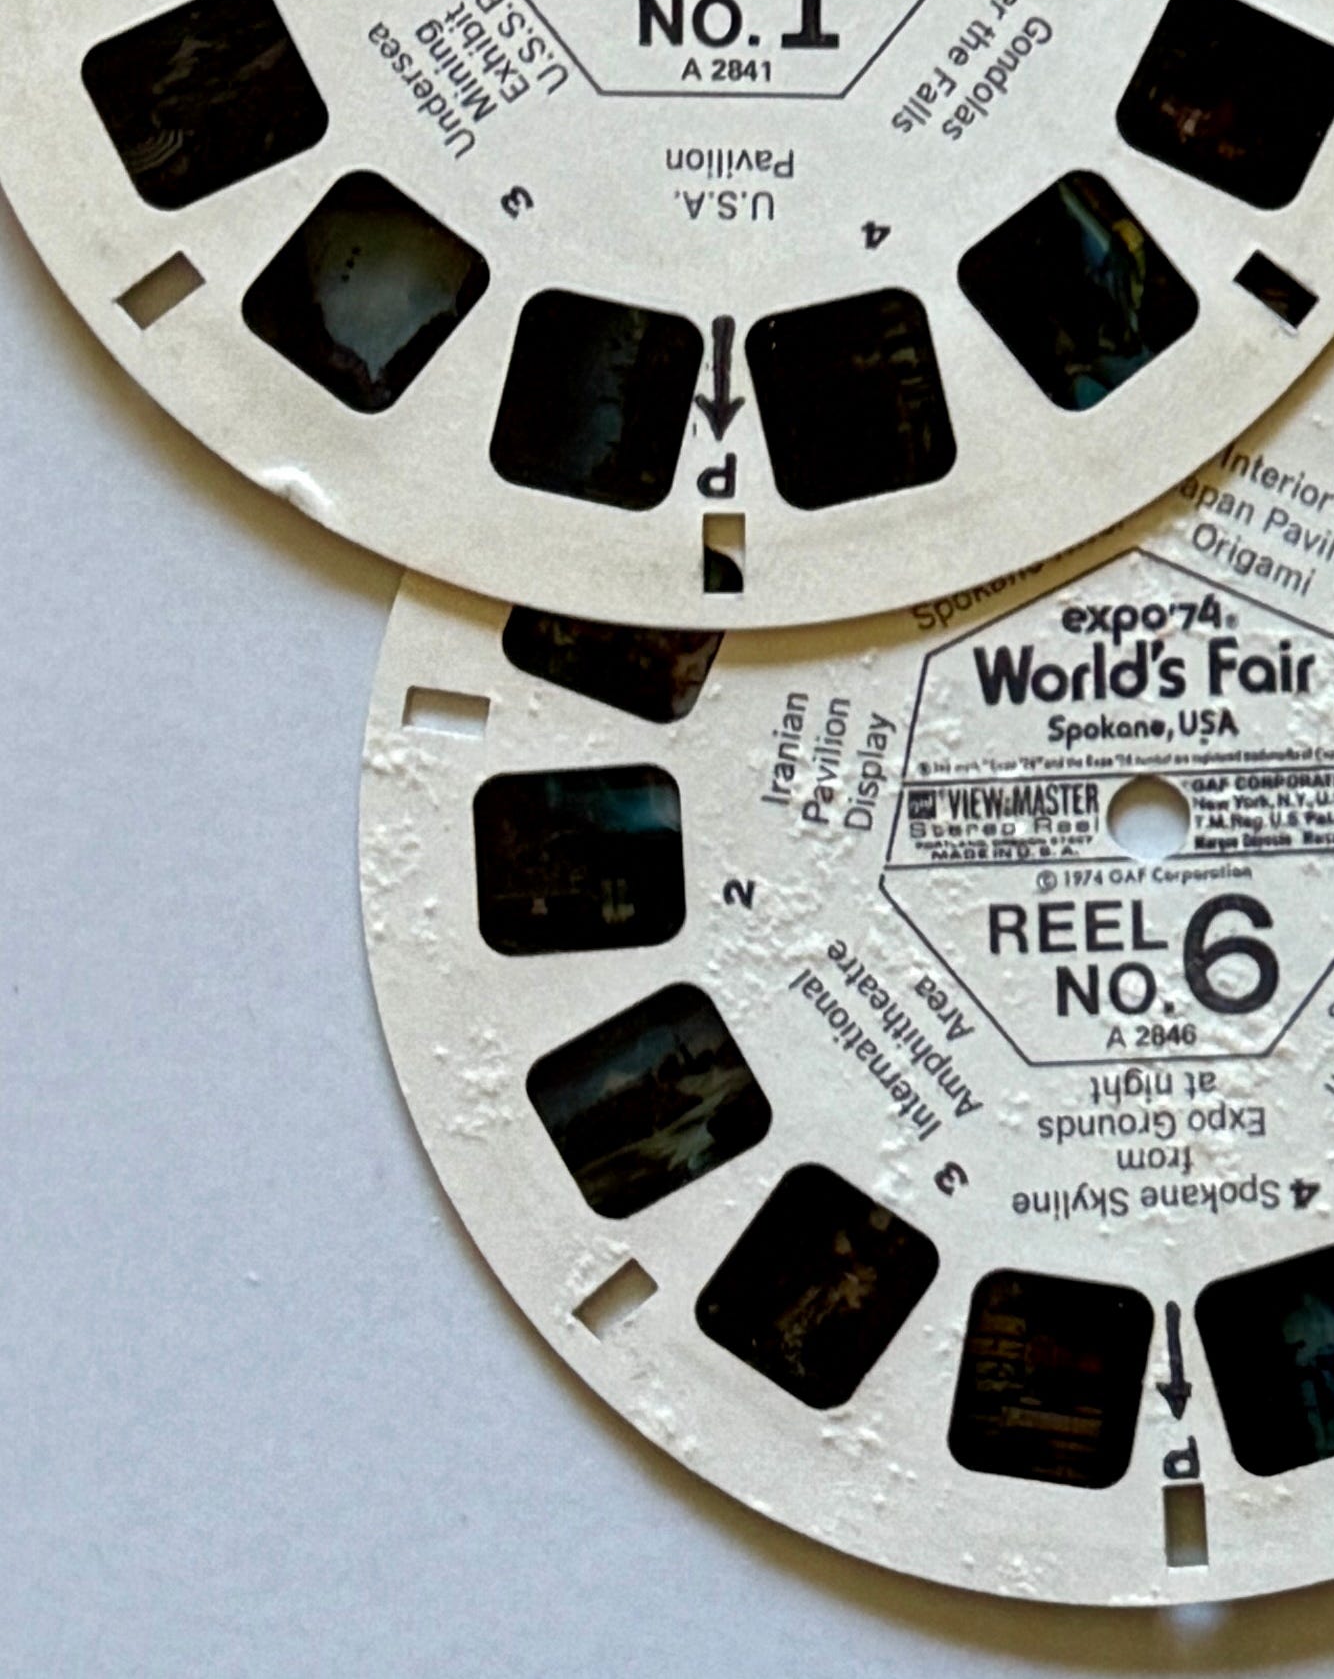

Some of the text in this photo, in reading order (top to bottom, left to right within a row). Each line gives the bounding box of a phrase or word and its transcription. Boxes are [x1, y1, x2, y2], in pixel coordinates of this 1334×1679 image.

[947, 19, 995, 66] the
[682, 58, 770, 81] A 2841
[941, 16, 1052, 140] Gondolas
[891, 66, 957, 133] Falls
[1176, 474, 1256, 525] apan
[1191, 522, 1315, 596] Origami
[973, 636, 1314, 705] World's Fair
[1048, 709, 1238, 749] Spokane, USA
[989, 900, 1168, 954] REEL
[1056, 893, 1279, 1016] NO. 6
[1107, 1024, 1195, 1047] A 2846
[1090, 1066, 1220, 1109] at night
[1037, 1100, 1265, 1145] Expo Grounds
[1116, 1145, 1193, 1176] from
[1011, 1173, 1280, 1220] Spokane Skyline
[1289, 1178, 1321, 1210] 4

□ □ □ □

▶ Task directions:
Would you return all of the data above word for word, omitting every picture?

▶ Result for this exercise:
Some of the text in this photo, in reading order (top to bottom, left to right within a row). Each line gives the bounding box of a phrase or word and its transcription. Boxes are [x1, y1, x2, y2], in pixel coordinates of this 1334×1679 image.

[947, 19, 995, 66] the
[682, 58, 770, 81] A 2841
[941, 16, 1052, 140] Gondolas
[891, 66, 957, 133] Falls
[1176, 474, 1256, 525] apan
[1191, 522, 1315, 596] Origami
[973, 636, 1314, 705] World's Fair
[1048, 709, 1238, 749] Spokane, USA
[989, 900, 1168, 954] REEL
[1056, 893, 1279, 1016] NO. 6
[1107, 1024, 1195, 1047] A 2846
[1090, 1066, 1220, 1109] at night
[1037, 1100, 1265, 1145] Expo Grounds
[1116, 1145, 1193, 1176] from
[1011, 1173, 1280, 1220] Spokane Skyline
[1289, 1178, 1321, 1210] 4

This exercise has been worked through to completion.